"Misunderstanding by Innuendo"
This picture being an example of precisely that. The headline shown here has nothing to do with what’s reported in the story.
The San Luis Obispo Tribune ran that headline about a story that they weren’t actually running. So what gives? Austin Bay offered an interesting perspective on this phenomenon yesterday:
The sudden press flap over Scooter Libby’s alleged “revelation” that President Bush declassified intelligence information related to Iraq is silly but all too predictable. The entire flap relies on mixing terms and “misunderstanding by innuendo” — a technique of demagoguery, not journalism. The flap is yet more evidence that the national press is more interested in playing “gotcha” with the Bush Administration than reporting the news.

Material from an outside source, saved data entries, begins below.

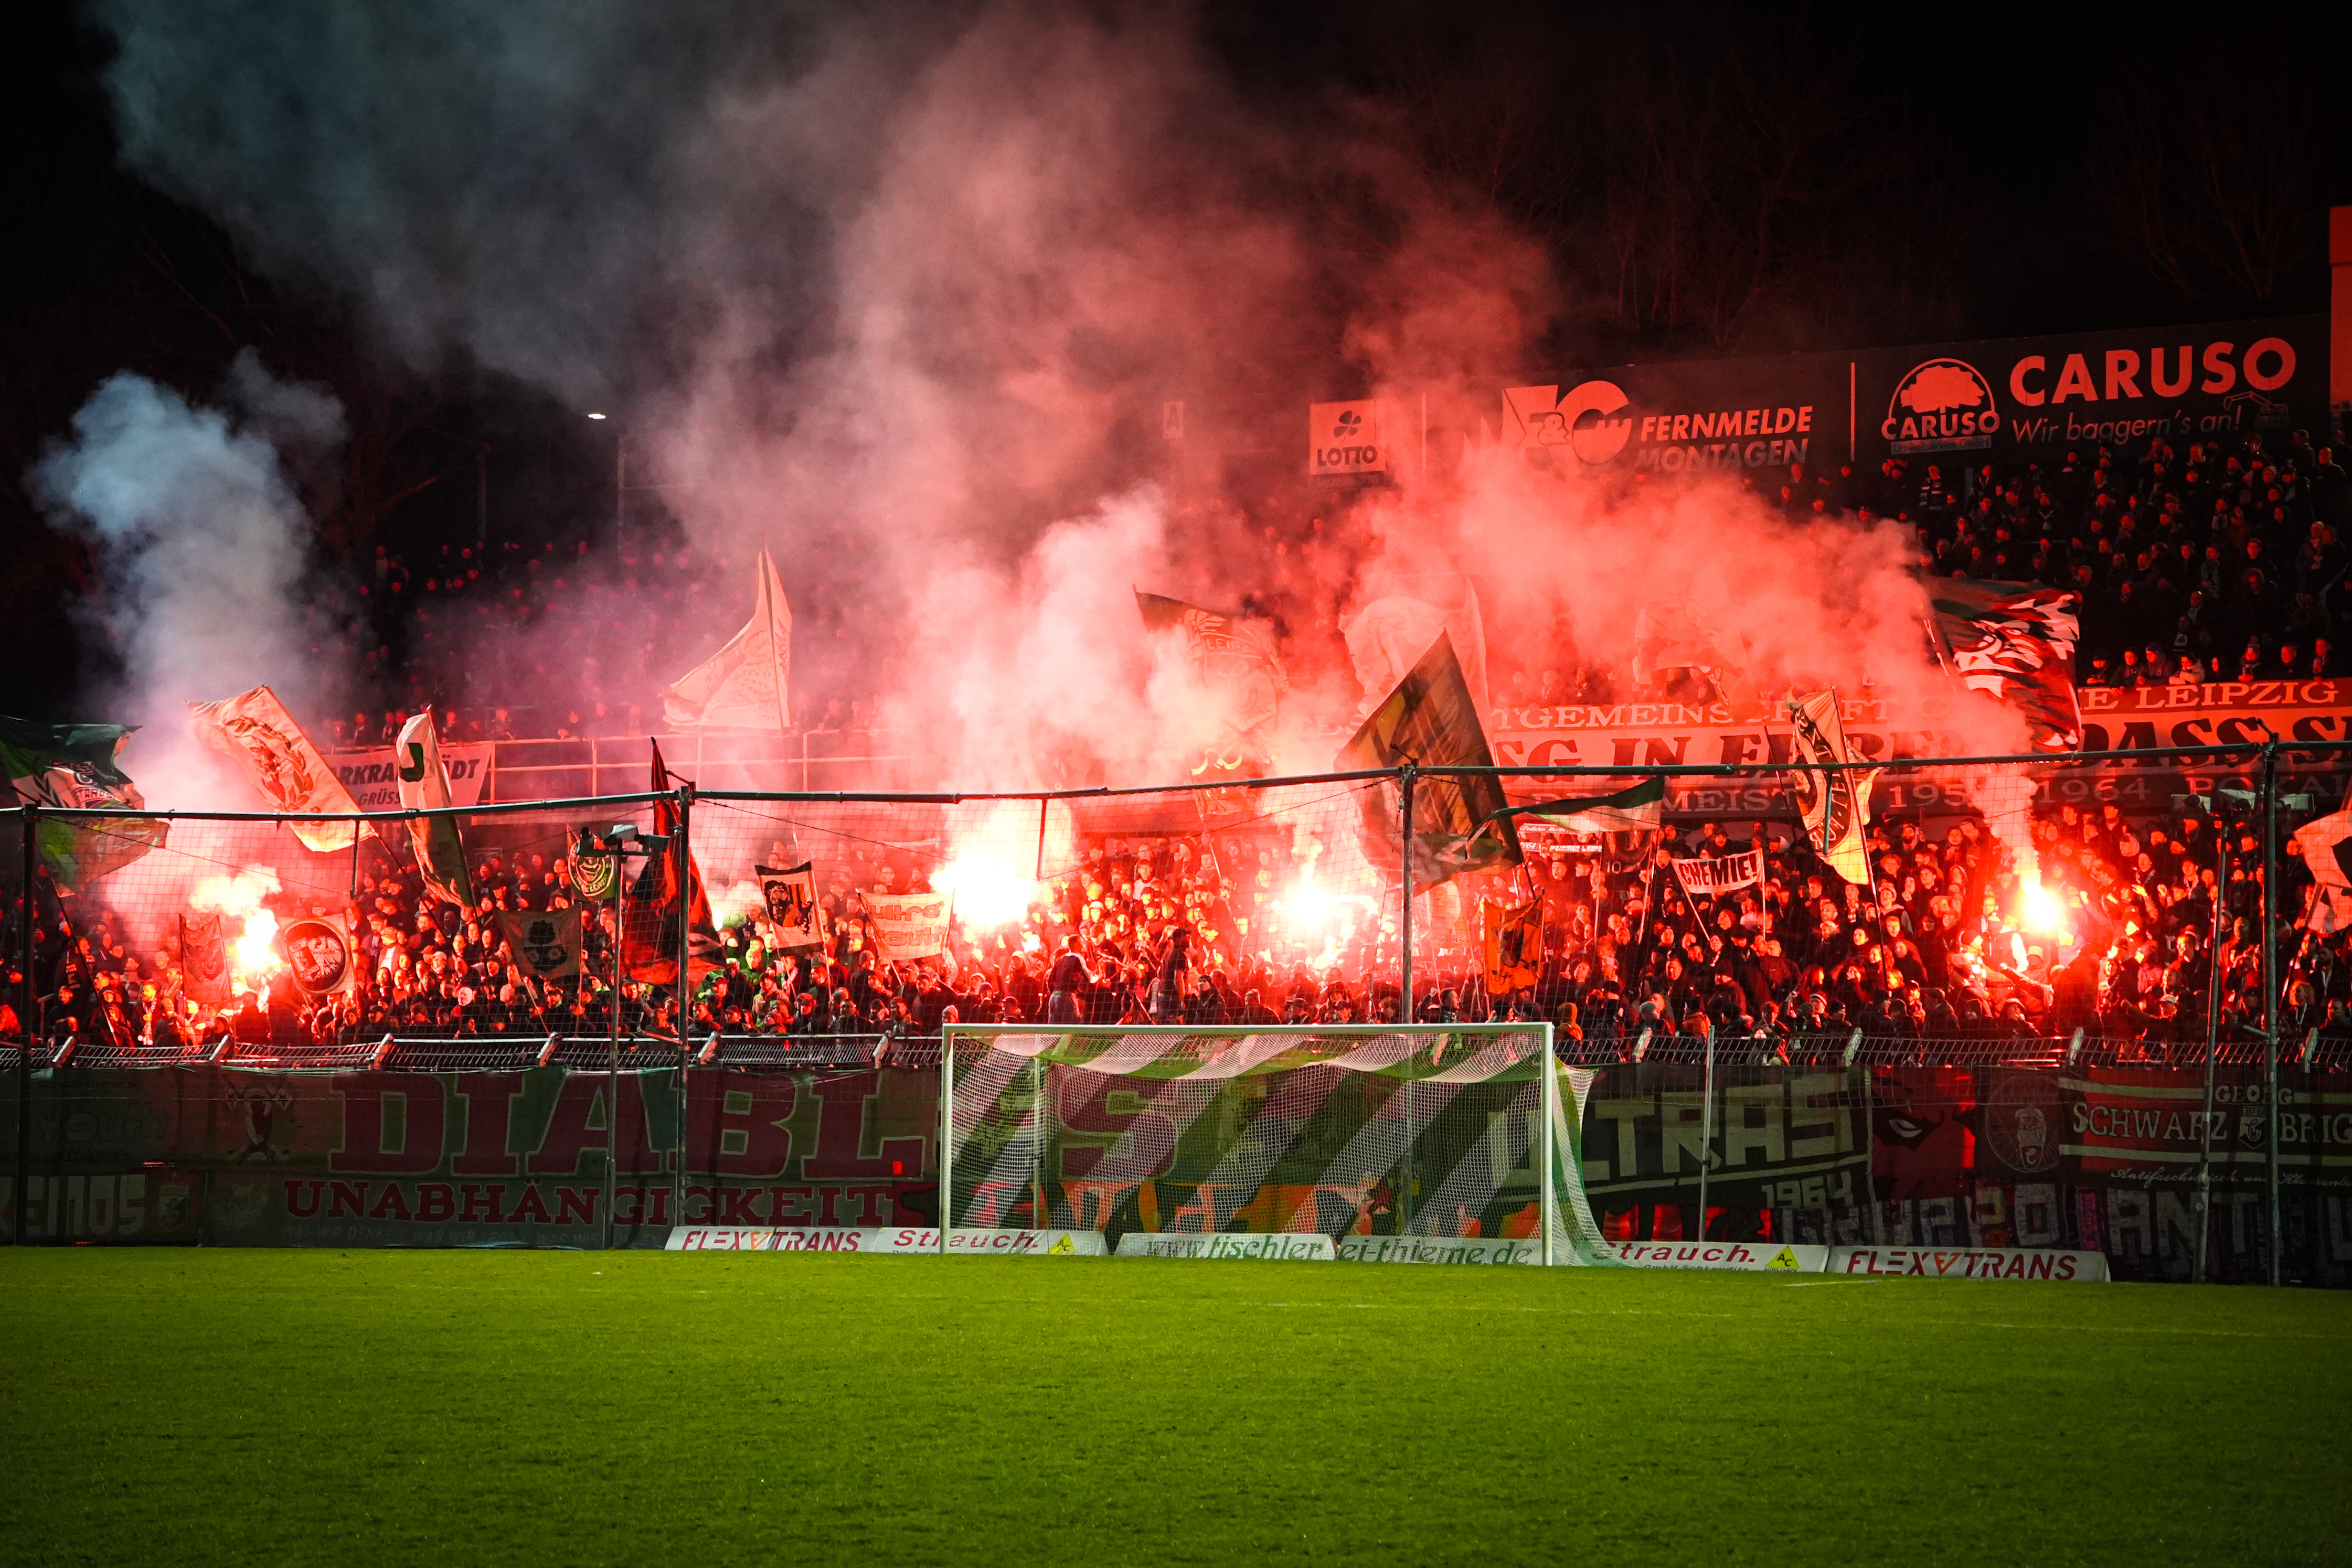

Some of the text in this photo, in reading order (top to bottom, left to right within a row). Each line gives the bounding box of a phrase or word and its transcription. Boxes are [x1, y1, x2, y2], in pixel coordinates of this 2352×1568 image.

[2010, 337, 2296, 407] CARUSO
[1641, 406, 1813, 442] FERNMELDE
[1881, 410, 2000, 441] CARUSO
[2013, 418, 2056, 444] Wir
[2199, 405, 2242, 433] an!
[1317, 445, 1378, 466] LOTTO
[1634, 438, 1810, 474] MONTAGEN
[2135, 681, 2339, 709] LEIPZIG
[1606, 735, 1692, 781] IN
[2039, 776, 2152, 803] 1964
[1605, 861, 1622, 874] 10
[1679, 852, 1757, 887] CHEMIE!
[2215, 1084, 2294, 1106] GEOG
[2072, 1101, 2228, 1142] SCHWARZ
[283, 1179, 893, 1228] UNABHÄNGIGKEIT
[1761, 1169, 1853, 1208] 1964

Presidents and vice-presidents can declassify information based on their own good (or bad) judgment. That is a privilege and responsibility of the office. Their authority is near-absolute. Disseminating unclassified information isn’t a crime — no matter the technique used. The information can be disseminated at a press conference, in a press release, in a speech, or — yes– via leak. (UPDATE: Background links I should have included in the original post– though the president’s power in the sphere is common knowledge. The president is at the top of the Classification Authority hierarchy– he holds the ultimate clasification/declassification power. The vice-president is granted authority from the president. See this link to the relevant executive order regarding the vie-president. And I just found this article by Byron York which details the estension of presidential powers to the vice-president. York’s article emphasizes the formal codification of the vice-president’s classification powers, which is a change from past administrations.)
Reporters thrive on “leaks” because a leak usually means “scoop.” A leak can also mean “spin” but that’s an understood aspect of Washington’s political carnival. However, leaking properly declassified material isn’t a crime. Leaking classified material is illegal– and so is publishing classified material in a press release.

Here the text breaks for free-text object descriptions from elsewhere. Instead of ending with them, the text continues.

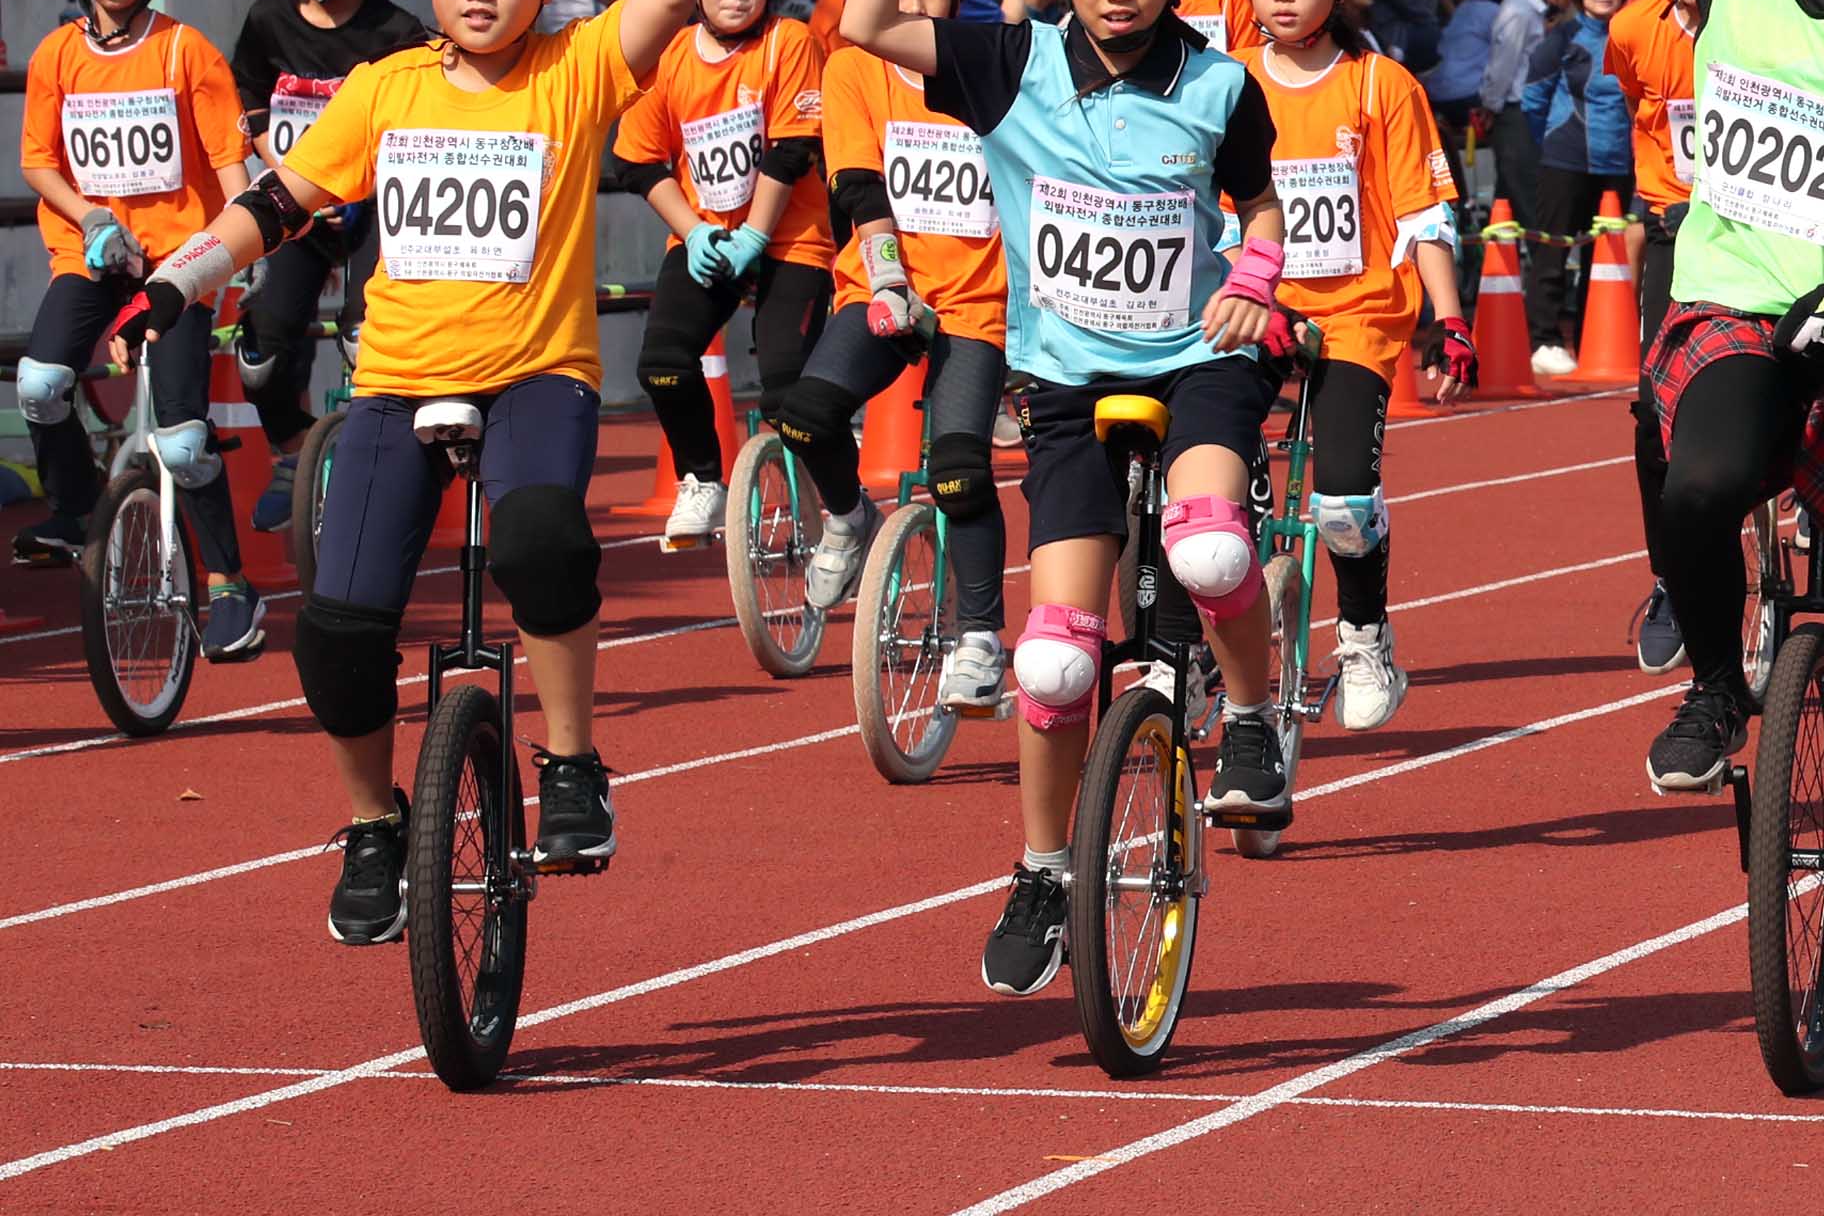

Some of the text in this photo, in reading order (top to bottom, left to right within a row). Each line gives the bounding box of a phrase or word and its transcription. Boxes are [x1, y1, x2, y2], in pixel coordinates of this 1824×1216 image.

[1714, 85, 1764, 111] 외발자전거
[1739, 78, 1793, 103] 인천광역시
[70, 122, 174, 168] 06109
[412, 135, 470, 150] 인천광역시
[941, 142, 983, 154] 종합선수권
[388, 151, 528, 167] 외발자전거 종합선수권대회
[889, 156, 995, 207] 04204
[383, 176, 530, 240] 04206
[1039, 183, 1188, 213] 제2회 인천광역시 동구청장배
[1043, 200, 1182, 227] 외발자전거 종합선수권대회
[1280, 194, 1356, 243] 203
[1037, 223, 1186, 294] 04207

So what’s the story here? That someone who worked in the White House selectively passed properly declassified material to the press? That’s not a scandal; that’s Beltway business as usual. I’d love to hear that reported– it’s not news per se, but it would be refreshingly open and honest media analysis.
However, the breathless excitement with which MSNBC (during the 3 PM CDT hour) broke this story certainly suggested scandal. An hour later the mood had calmed a bit; even so a rather smug Chris Matthews asked his attorney guest why Scooter Libby would “finger the President?” Dick Sauber (Time Magazine reporter Matt Cooper’s lawyer) responded that Libby was probably trying to cover for himself. Sauber stressed that he did not know why but was making an educated guess. That’s reasonable speculation on Sauber’s part. (Sauber also said that this newly released information appears to undermine Libby’s claim that he was “too busy” to remember exactly what he said and to whom he said it during the “Plame affair.”) But the bottom line is the president can declassify information. “Finger” is a push word, stoked with criminal innuendo —but Bush was not engaged in a criminal act. Questioning Bush’s judgment is perfectly appropriate, but accusation of crime or lies is unwarranted. (As it is, the information in question came from the National Intelligence Estimate. The NIE information didn’t have anything to do with the Plame case.)
The updates are even more illuminating:
UPDATE: CNN is exploring another angle: that the White House is “hypocritical” because it has come down hard on leaks. But a word is missing in this accusation: “unauthorized.” The White House has indeed come down hard on anyone leaking classified information. The White House has also been tough on executive branch employees who pass information via unauthorized leaks. The president wants to control the dissemination of information and has made that clear. The information released today said that what Libby leaked as declassified and authorized — but try getting that clear on atv squawk show where the game is gotcha. The hypocrisy allegation, unlike the criminal innuendo, is certainly within rational bounds.
UPDATE 2: Hat-tip Captain’s Qaurters. Here’s the NY Sun article that started the press flap. The article strikes me as factual and straight-forward. I’m watching MSNBC again and the network is interviewing a man who says Bush has a political vulnerability on this issue but no legal vulnerability. Okay, I’ve written that. So the flap is the story? I think that’s the case –again, we’ve demagoguery, not journalism.
UPDATE 3: A quick refresher course in the Plame affair. Why be interested in Ambassador Wilson’s wife? According to the White House, she recommended that her husband be selected to make the trip to Niger. If that’s the case Plame wasn’t merely a wife– she was professionally involved.